Dataset content:
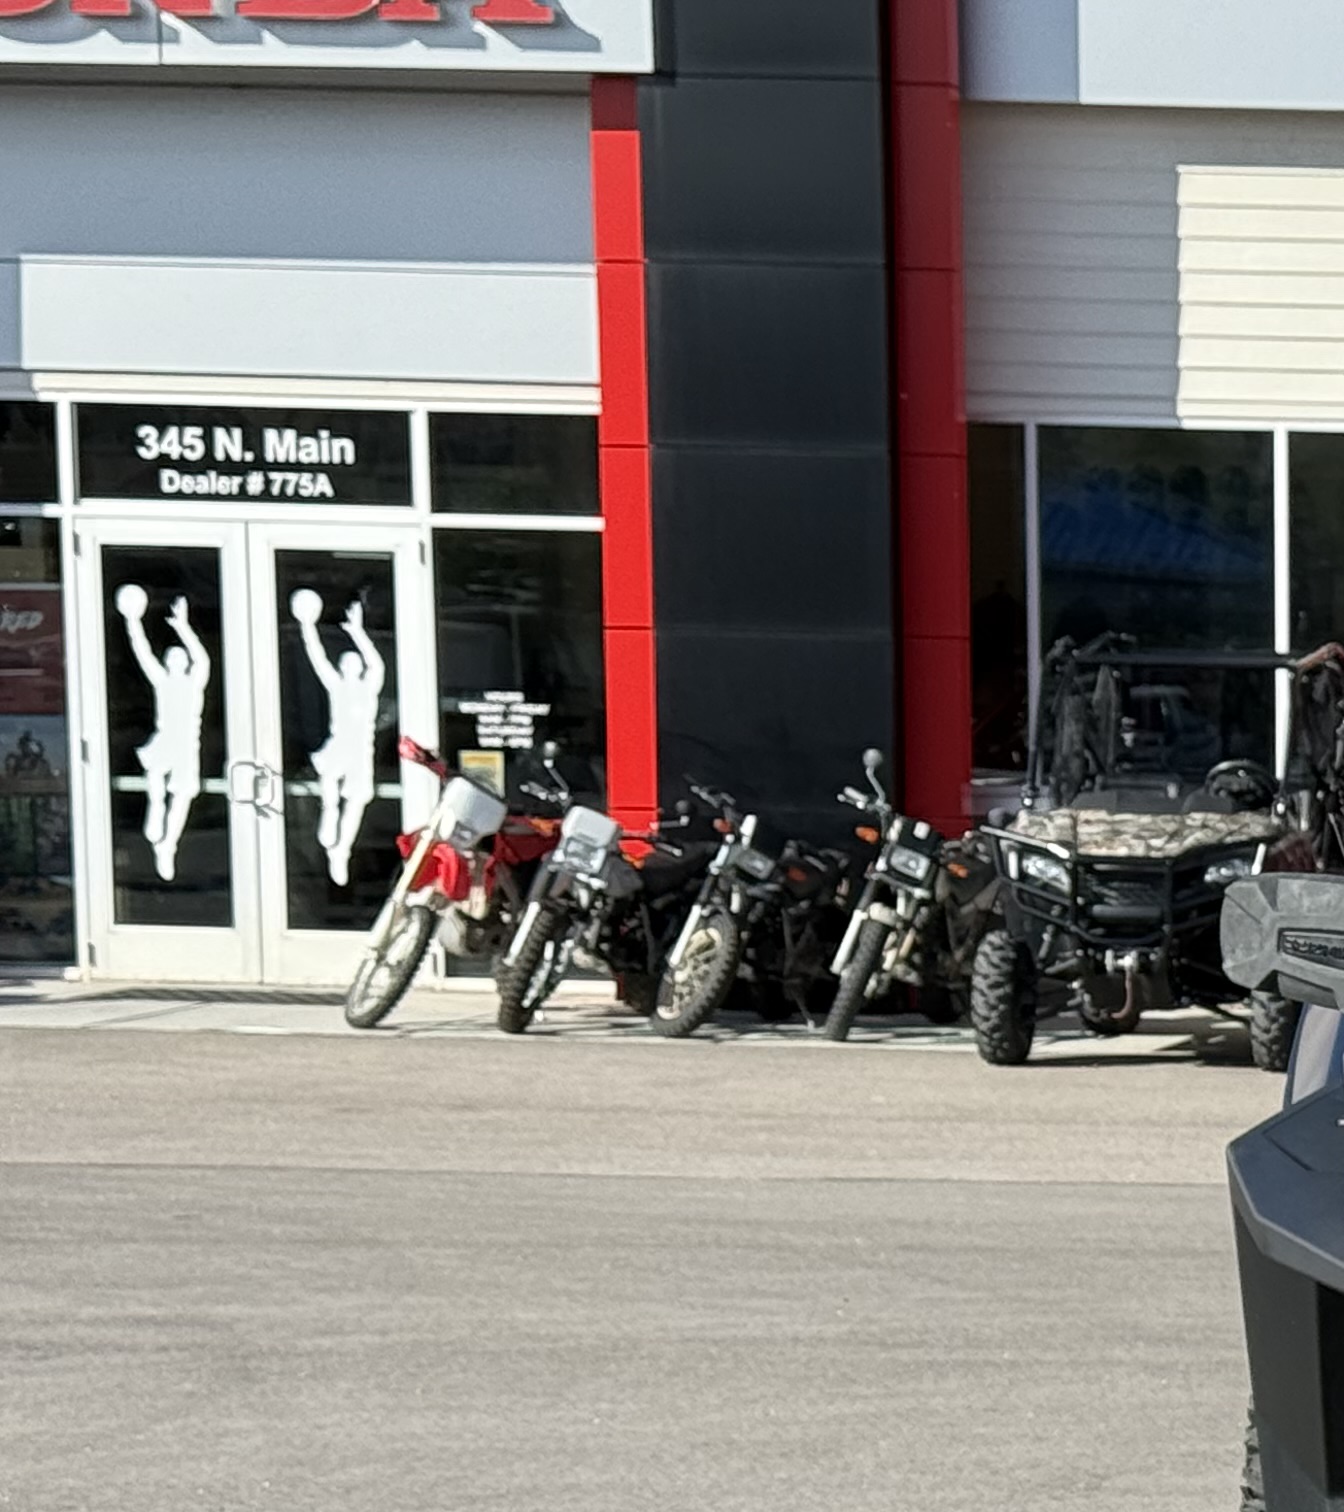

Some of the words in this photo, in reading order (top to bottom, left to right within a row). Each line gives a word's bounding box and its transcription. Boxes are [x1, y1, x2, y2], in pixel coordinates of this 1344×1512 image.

[135, 424, 206, 461] 345
[212, 426, 256, 462] N.
[263, 428, 355, 464] Main
[159, 468, 244, 495] Dealer
[245, 470, 265, 496] #
[266, 471, 336, 498] 775A

Problem requirements:
Each line of the listing above must be given again exactly; the pictures are to be left out.

Written answer:
Some of the words in this photo, in reading order (top to bottom, left to right within a row). Each line gives a word's bounding box and its transcription. Boxes are [x1, y1, x2, y2], in pixel coordinates of this 1344×1512 image.

[135, 424, 206, 461] 345
[212, 426, 256, 462] N.
[263, 428, 355, 464] Main
[159, 468, 244, 495] Dealer
[245, 470, 265, 496] #
[266, 471, 336, 498] 775A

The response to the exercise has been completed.